Ziel der Arbeitsgemeinschaft ist es, kommunale Kräfte zu bündeln, Maßnahmen besser aufeinander abzustimmen und die Region langfristig widerstandsfähiger gegenüber Extremwetterereignissen zu machen. Die Hochwasserereignisse der vergangenen Jahre haben gezeigt, dass Wassersicherheit nicht an Gemeindegrenzen endet. Erforderlich sind gemeinsame Lösungen, die Hochwasserschutz, Wasserrückhalt, Frühwarnung, Katastrophenvorsorge, Klimaanpassung und den Schutz von Natur und Landschaft miteinander verbinden.

Die beteiligten Kommunen wollen künftig enger zusammenarbeiten, um wasserwirtschaftliche Maßnahmen zu koordinieren, Fördermittel gemeinsam zu erschließen und den fachlichen Austausch mit Behörden, Wissenschaft, Einsatzorganisationen und weiteren Partnern zu stärken. Ein besonderer Schwerpunkt liegt auf dem Aufbau moderner Mess-, Informations- und Frühwarnstrukturen. Dazu zählen unter anderem Sensoren für Wetterdaten, Pegelstände und Bodenfeuchte sowie die Nutzung weiterer Datengrundlagen zur besseren Einschätzung von Hochwasser- und Starkregenlagen.

Neben technischen und digitalen Ansätzen sollen auch naturnahe Maßnahmen eine zentrale Rolle spielen. Dazu gehören Wasserrückhalt in der Fläche, Retentionsräume, Gewässerrenaturierung, Auen- und Moorentwicklung sowie weitere landschaftsbezogene Maßnahmen, die dazu beitragen, Wasser länger in der Region zu halten und Abflussspitzen zu reduzieren.
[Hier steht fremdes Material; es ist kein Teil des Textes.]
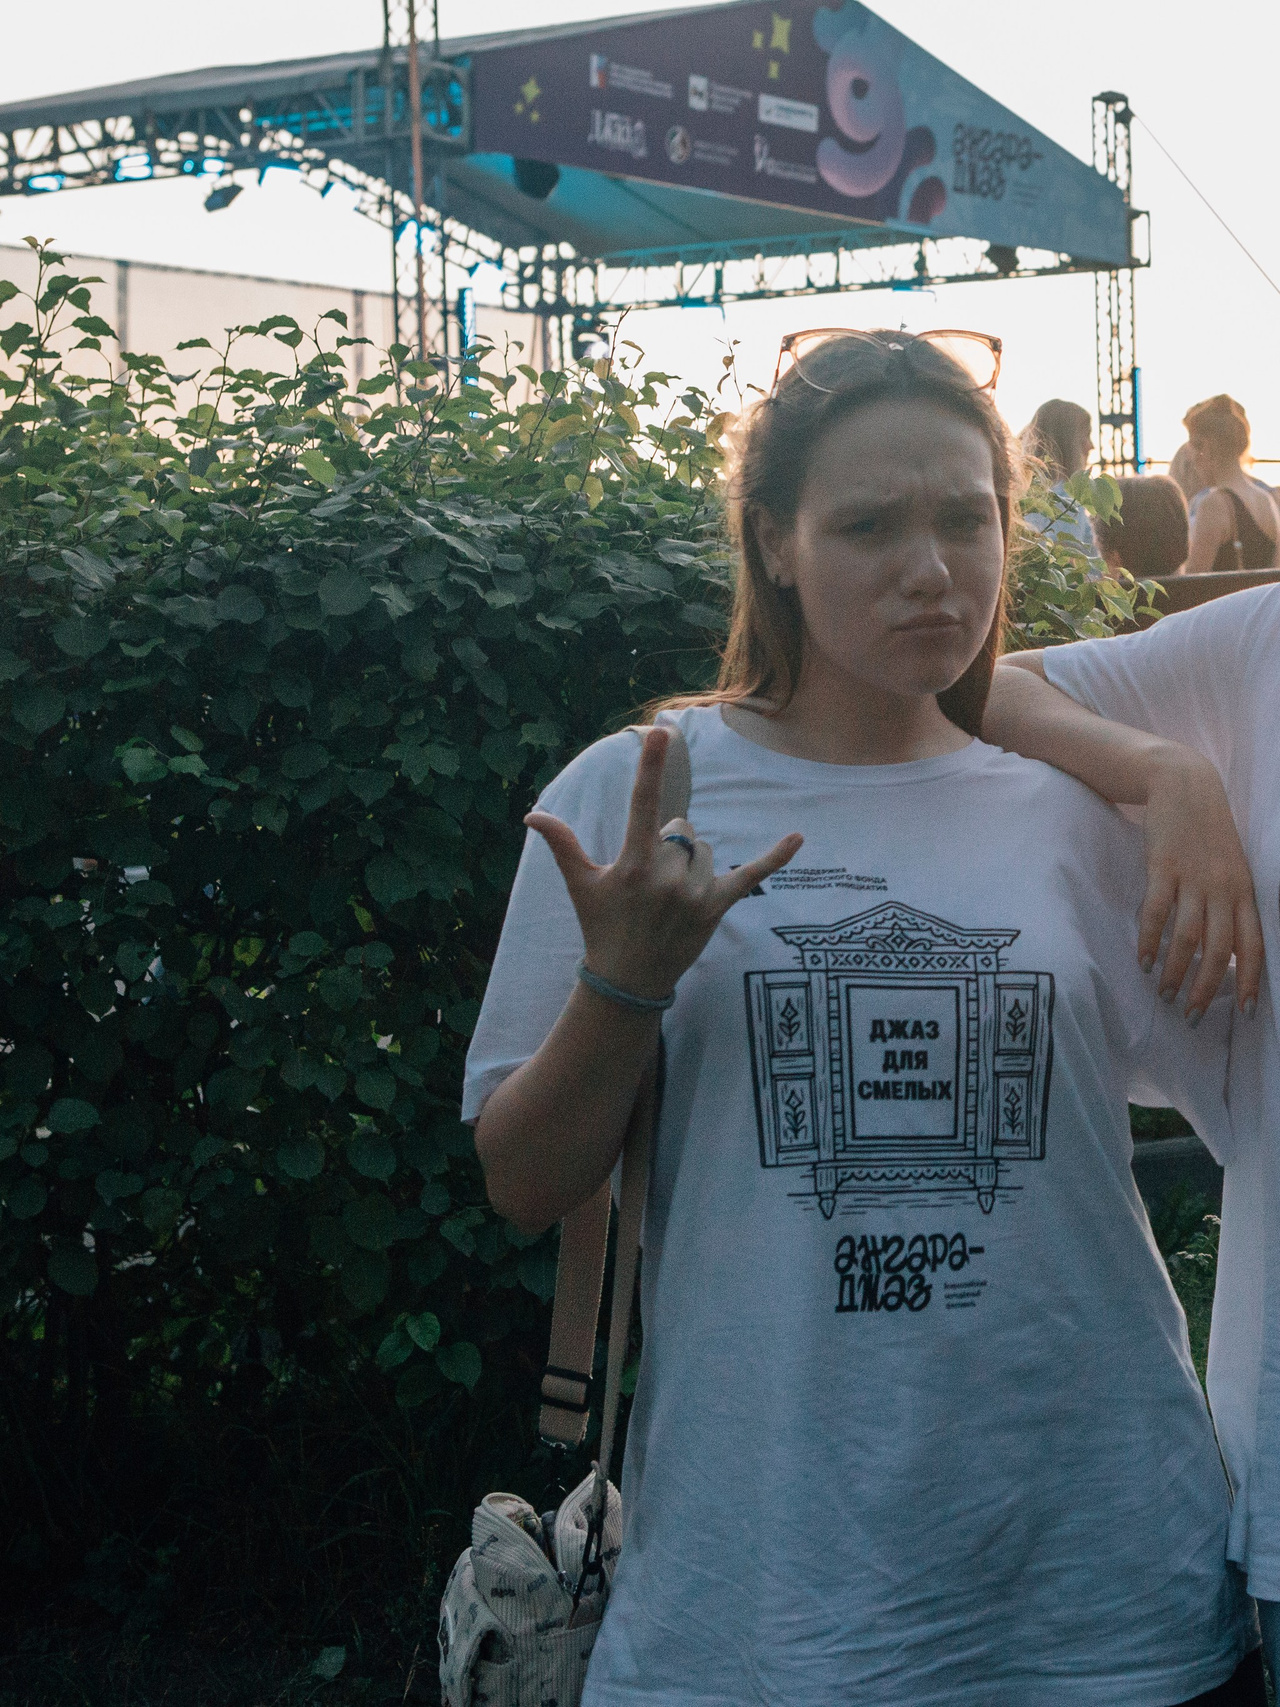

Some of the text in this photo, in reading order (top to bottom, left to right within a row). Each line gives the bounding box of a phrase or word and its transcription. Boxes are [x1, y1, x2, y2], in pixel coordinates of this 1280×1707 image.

[869, 1019, 940, 1043] ДЖАЗ
[882, 1049, 929, 1074] ДЛЯ
[858, 1080, 953, 1101] СМЕЛЫХ
Die Arbeitsgemeinschaft soll als fachlich-organisatorischer Kern der kommunalen Zusammenarbeit dienen. Sie bündelt kommunale Interessen, unterstützt die beteiligten Gemeinden und Städte bei der Projektentwicklung und schafft eine gemeinsame Plattform für abgestimmtes Handeln. Ergänzend dazu soll das Bündnis Wasser & Natur die gesellschaftliche Beteiligung, Kommunikation und regionale Verankerung stärken. Damit sollen Bürgerinnen und Bürger, Landwirtschaft, Forstwirtschaft, Wirtschaft, Wissenschaft, Naturschutz und weitere Akteure frühzeitig eingebunden werden.

Mit dem gemeinsamen Letter of Intent unterstützen die Kommunen zugleich das Solution Lab Reischenau / Zusamtal als Modell- und Praxisregion für integrierte Wassersicherheit. Die Region soll dabei beispielhaft zeigen, wie kommunale Zusammenarbeit, wissenschaftliche Begleitung, digitale Frühwarnsysteme und naturnahe Vorsorgemaßnahmen zusammenwirken können.

Der Letter of Intent ist zunächst eine gemeinsame Absichtserklärung. Konkrete Beschlüsse, Finanzierungsentscheidungen und einzelne Maßnahmen bleiben den zuständigen kommunalen Gremien vorbehalten. Die beteiligten Kommunen setzen damit jedoch ein klares Signal: Wassersicherheit soll im Zusamtal künftig vorausschauend, interkommunal und gemeinsam mit der Region gestaltet werden.

Die beteiligten Kommunen sind:

Markt Dinkelscherben

Markt Zusmarshausen

Gemeinde Altenmünster

Gemeinde Villenbach

Gemeinde Zusamaltheim

Stadt Wertingen

Für die Kommunen unterzeichnen jeweils die Ersten Bürgermeister. Der Letter of Intent wurde in Dinkelscherben am 2. Juni 2026 vorbereitet.